Bitcoin SV is introducing 2GB block sizes this week that will enable 1000+ transactions per second. But will it lead to greater centralization and undermine the network?
That’s an order of magnitude bigger than Bitcoin Cash at 32MB, or Bitcoin’s 2-4 MB.
Proponents say the upgrade is a step along the road to “infinite” scaling and is in line with Satoshi Nakamoto’s original vision for Bitcoin.
Critics argue it will increase centralization, make the network more vulnerable to a 51% attack, and result in an increasing number of blockchain “reorganizations”.
Awareness of the increase has seen Bitcoin SV prices rally 25% in the past week.
Scaling: a brief recap
For those who came in late, Bitcoin is currently hamstrung for use as a day to day currency (but not as a “store of value”) by its inability to ‘scale’.
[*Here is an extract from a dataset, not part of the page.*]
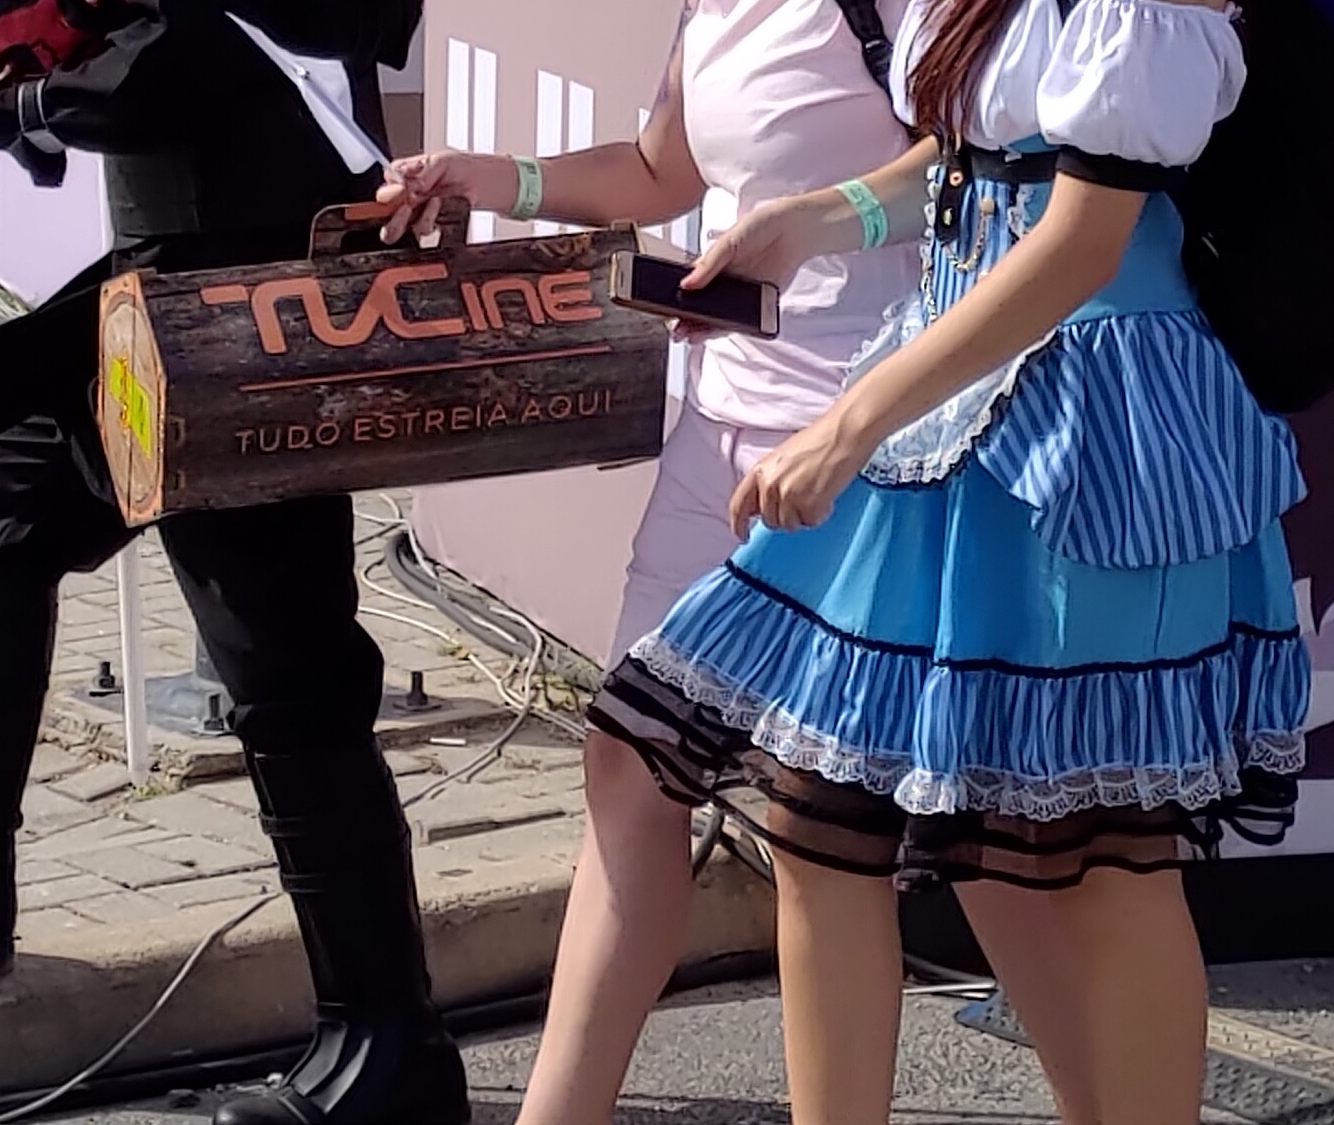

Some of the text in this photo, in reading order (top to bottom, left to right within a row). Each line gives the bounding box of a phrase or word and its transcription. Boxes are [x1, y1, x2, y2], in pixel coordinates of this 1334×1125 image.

[235, 389, 612, 455] TUDO ESTREIA AQUI
The network can only process between 3 to 7 transactions per second. It’s very secure, but it’s very slow.
The current ‘second layer’ solution to this is the Lightning Network which has actually been losing BTC capacity since March.
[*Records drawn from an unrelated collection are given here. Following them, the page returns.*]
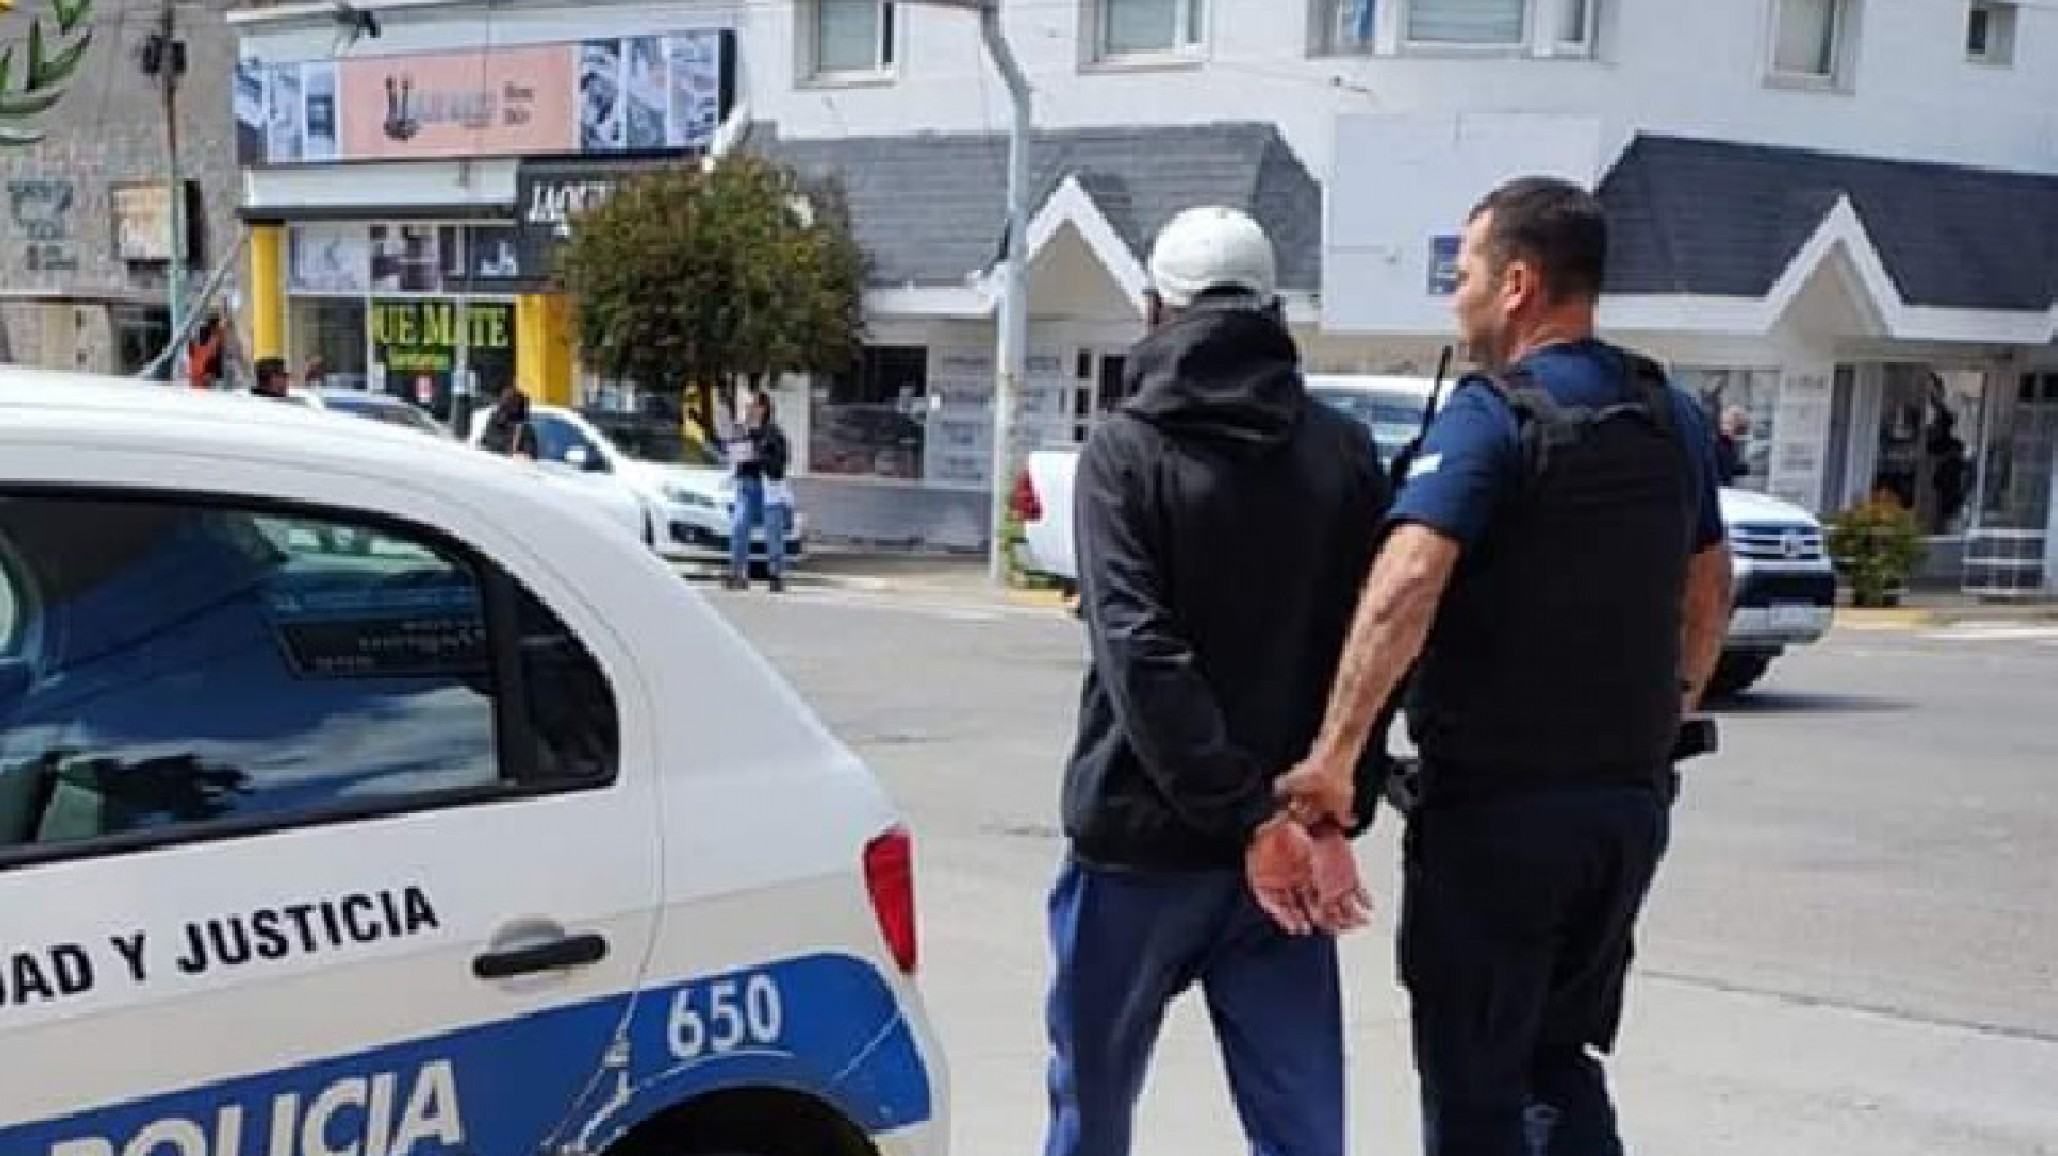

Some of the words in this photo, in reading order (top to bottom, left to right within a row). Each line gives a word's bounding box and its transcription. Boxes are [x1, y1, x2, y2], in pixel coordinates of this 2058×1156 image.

[0, 942, 96, 1006] AD
[111, 931, 146, 981] Y
[175, 885, 439, 975] JUSTICIA
[668, 974, 781, 1057] 650
[48, 1057, 464, 1156] LICIA
Bitcoin Cash attempted to solve the problem with larger block sizes and Bitcoin SV has even larger block sizes and can already handle 300 transactions per second.
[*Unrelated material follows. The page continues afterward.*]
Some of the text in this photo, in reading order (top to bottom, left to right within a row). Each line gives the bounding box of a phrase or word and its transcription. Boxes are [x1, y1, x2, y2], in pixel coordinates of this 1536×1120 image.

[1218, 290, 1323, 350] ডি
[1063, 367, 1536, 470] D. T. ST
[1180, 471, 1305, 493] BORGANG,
Although the hard cap will be set to 2GB, there isn’t actually a lot of traffic on the network just yet with 94% of transactions conducted by a single weather app.
Bitcoin SV will have 512MB block sizes at first
Most miners won’t be mining 2GB blocks this week. BitcoinSV blog CoinGeek reports they’ll be able to set their own hard caps and most miners “have signaled that they will set their hard cap to 512MB, which would form a different form of hard cap—the “consensus” hard cap.”
One issue with increasing the block size is that it increases the costs for those running a full node, which some believe will decrease the number of full nodes, leading to greater centralization.
Cryptoslate damns block size increase
CryptoSlate published a damning opinion piece recently where it estimated that at a cost of $0.025 per gigabyte, storage for a current node will increase by $2.57 each year on top of the storage cost of the existing blockchain of $5.65.
With 2GB blocks, Bitcoin SV’s storage costs per year would increase by $2,628 per year.
That said, exchanges and service providers tend to run full nodes, and they have enough revenue to afford it, so it remains to be seen what impact this will have.
“The upgrade will make BSV less secure, more centralized, and more costly for infrastructure providers to maintain – adding additional fuel to the already raging dumpster fire of a project,” argued author Mitchell Moos.
“In reality, the latest block size ‘upgrade’ appears to be a marketing gimmick meant to prey on those just learning about cryptocurrency, non-technical investors, and get-rich-quick speculators”
What would Satoshi do?
Bitcoin SV is already well behind Bitcoin with just 460 full nodes compared to 9623.
“The current system where every user is a network node is not the intended configuration for large scale. That would be like every Usenet user runs their own NNTP server.
“The design supports letting users just be users. The more burden it is to run a node, the fewer nodes there will be.
“Those few nodes will be big server farms. The rest will be client nodes that only do transactions and don’t generate.”
128 MB blocks not a resounding success
Bitcoin SV’s experience with larger block sizes so far has not been the resounding success it had hoped for. It currently has a hard cap of 128MB which has been reached several times.
The network has experienced several block re-organizations after blocks were orphaned.
Whiteblock CEO Zak Cole explained to Hard Fork in April that when blocks become too large, they take much longer to be processed by the network than smaller ones.
“The longer it takes to propagate throughout the network, the higher the likelihood of it becoming an orphan,” Cole said.
“The larger the object, the more likely it will be that it isn’t transported in its entirety and will likely have to be rebroadcast.”
It seems possible that if Bitcoin SV has experienced these issues with 128MB block sizes, it will experience more issues the larger the block size.
Lackluster mining fees
And of course, larger block sizes don’t mean much if no one wants to pay to use the network. Over the past three months, miners have earnt a grand total of around $162 per day in fees.
If the people who maintain the network aren’t making enough money to cover the increased costs of larger blocks, there isn’t a lot of incentive to secure the network.
Bitcoin Association Founding President Jimmy Nguyen claims the transaction fees will increase:
“During a 21 May 2019 test on the BSV Scaling Test Network, a 1.42GB block was mined – which resulted for the first time in transaction fees which were more than the 12.5 coin block reward subsidy.
“This is how Bitcoin’s economic model is meant to work, and this is what Satoshi always envisioned to ensure miners remain profitable.”
If the current upgrade is a success, Bitcoin SV is due to implement the “Genesis”; upgrade which allows for blocks of ‘infinite’ size in February 2020.